We also discussed how to adapt the existing portfolio of bank-financed projects to the government's new priorities and then potential areas where we can provide quick additional support to Egypt in the short term.

AO: The Egyptian business sector is worried about the leanings of the post-revolution government as they feel it would favour the social aspect on the expense of open market and free economy principles. To what extent do your meetings prove this change of heart and how would this change your development plans in the local economy?

SA: We had a good meeting with the private sector representatives. They underscored the need for more security from the state so they can conduct their operations in a smooth and productive way. In order for the private sector to work efficiently, it is hugely important that the state provides good overall security.

Yes, certain segments of the private sector will be challenged by forces unleashed by the revolution. And the new government certainly has a difficult job ahead to create a safe space for the private sector to create more and better jobs. Nonetheless, over the last 50 years, Egypt has made great strides towards opening up its economy to free trade inside and outside the country.

Now is not the time to turn back. On the contrary, it is the time to open up greater opportunities, particularly in the smaller enterprises that could easily become the driving force of Egypt's economic future.

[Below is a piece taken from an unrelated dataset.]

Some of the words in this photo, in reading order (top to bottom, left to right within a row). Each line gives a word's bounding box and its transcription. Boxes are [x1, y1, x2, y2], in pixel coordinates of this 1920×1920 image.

AO: The roots of the people's anger, the main triggers of the uprising, include the elevated poverty rates and the widespread corruption. I understand that an integral part of your mission in Egypt for the last 20 years has been to fight both, so what went wrong in your opinion? Why did we fail to end, or even contain both problems, and why has the trickle-down effect never happened? Also, why are we still discovering everyday big corruption scandals?

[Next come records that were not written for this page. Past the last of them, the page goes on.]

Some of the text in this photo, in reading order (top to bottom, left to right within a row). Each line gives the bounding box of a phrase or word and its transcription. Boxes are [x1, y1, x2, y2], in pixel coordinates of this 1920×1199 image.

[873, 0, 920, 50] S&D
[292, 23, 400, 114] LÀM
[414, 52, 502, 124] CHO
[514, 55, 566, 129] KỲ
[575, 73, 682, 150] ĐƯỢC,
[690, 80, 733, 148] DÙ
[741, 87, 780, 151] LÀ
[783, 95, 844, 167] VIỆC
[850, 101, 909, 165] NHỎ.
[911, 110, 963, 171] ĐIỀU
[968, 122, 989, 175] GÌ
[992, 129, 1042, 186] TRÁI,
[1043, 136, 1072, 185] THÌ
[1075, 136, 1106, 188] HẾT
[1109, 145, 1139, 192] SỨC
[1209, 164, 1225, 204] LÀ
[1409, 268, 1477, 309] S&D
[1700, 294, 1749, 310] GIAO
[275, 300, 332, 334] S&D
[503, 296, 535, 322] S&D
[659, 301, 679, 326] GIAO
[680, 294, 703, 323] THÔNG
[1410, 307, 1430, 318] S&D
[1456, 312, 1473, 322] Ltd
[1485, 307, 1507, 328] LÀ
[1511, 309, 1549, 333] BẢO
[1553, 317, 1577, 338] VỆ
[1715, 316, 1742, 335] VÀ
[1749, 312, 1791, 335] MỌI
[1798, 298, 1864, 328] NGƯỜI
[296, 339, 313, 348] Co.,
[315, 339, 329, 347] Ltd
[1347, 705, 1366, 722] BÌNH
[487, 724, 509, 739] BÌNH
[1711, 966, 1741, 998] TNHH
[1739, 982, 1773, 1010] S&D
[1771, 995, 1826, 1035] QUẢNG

SA: The WB has been tracking growth and poverty in Egypt for many years.

It is true that poverty remains painfully high, particularly in some of the less developed parts of the country. It is clear that previous governments could have done more to promote development, growth and jobs in Upper Egypt, for example. It is also clear that a bigger push on decentralisation could have helped deliver better social services in poorer areas.

As for corruption, while the bank has played a leading role worldwide for many years in promoting better governance, more transparency and better institutions, we hope that in this new environment the bank can have greater opportunities to support better governance in Egypt, drawing from its work which could not be implemented due to hesitancy in the past to pursue this agenda with the bank.

Fortunately, there were some notable exceptions such as the progress that Egypt made in improving its Doing Business ratings compared with its competitors.

However, we still have numerous governance-related reports whose recommendations are still valid. Now that Egypt has a new government for which transparency and accountability are the central planks of their platform, we look forward to providing them with the best possible advice based on our extensive knowledge of reform experiences in many other countries around the world.

AO: The Arab region as a whole, starting with Tunisia, Egypt, Libya and most recently the Gulf countries, is facing many political changes. This would change the scene captured by the global economic prospects 2010 about the expected growth in the region. What are your expectations in this regard?

SA: Given that the situation in the Middle East is still evolving rapidly, it is hard to say with any precision what the outcome of these developments will be for the region as a whole, or more specifically for Egypt.

As we speak, the political outcome in Libya remains very uncertain, including the possible impacts on remittances and the cost of re- integrating Egyptians returning home. At a larger, macro- level the impact on world oil prices remains a worrisome uncertainty.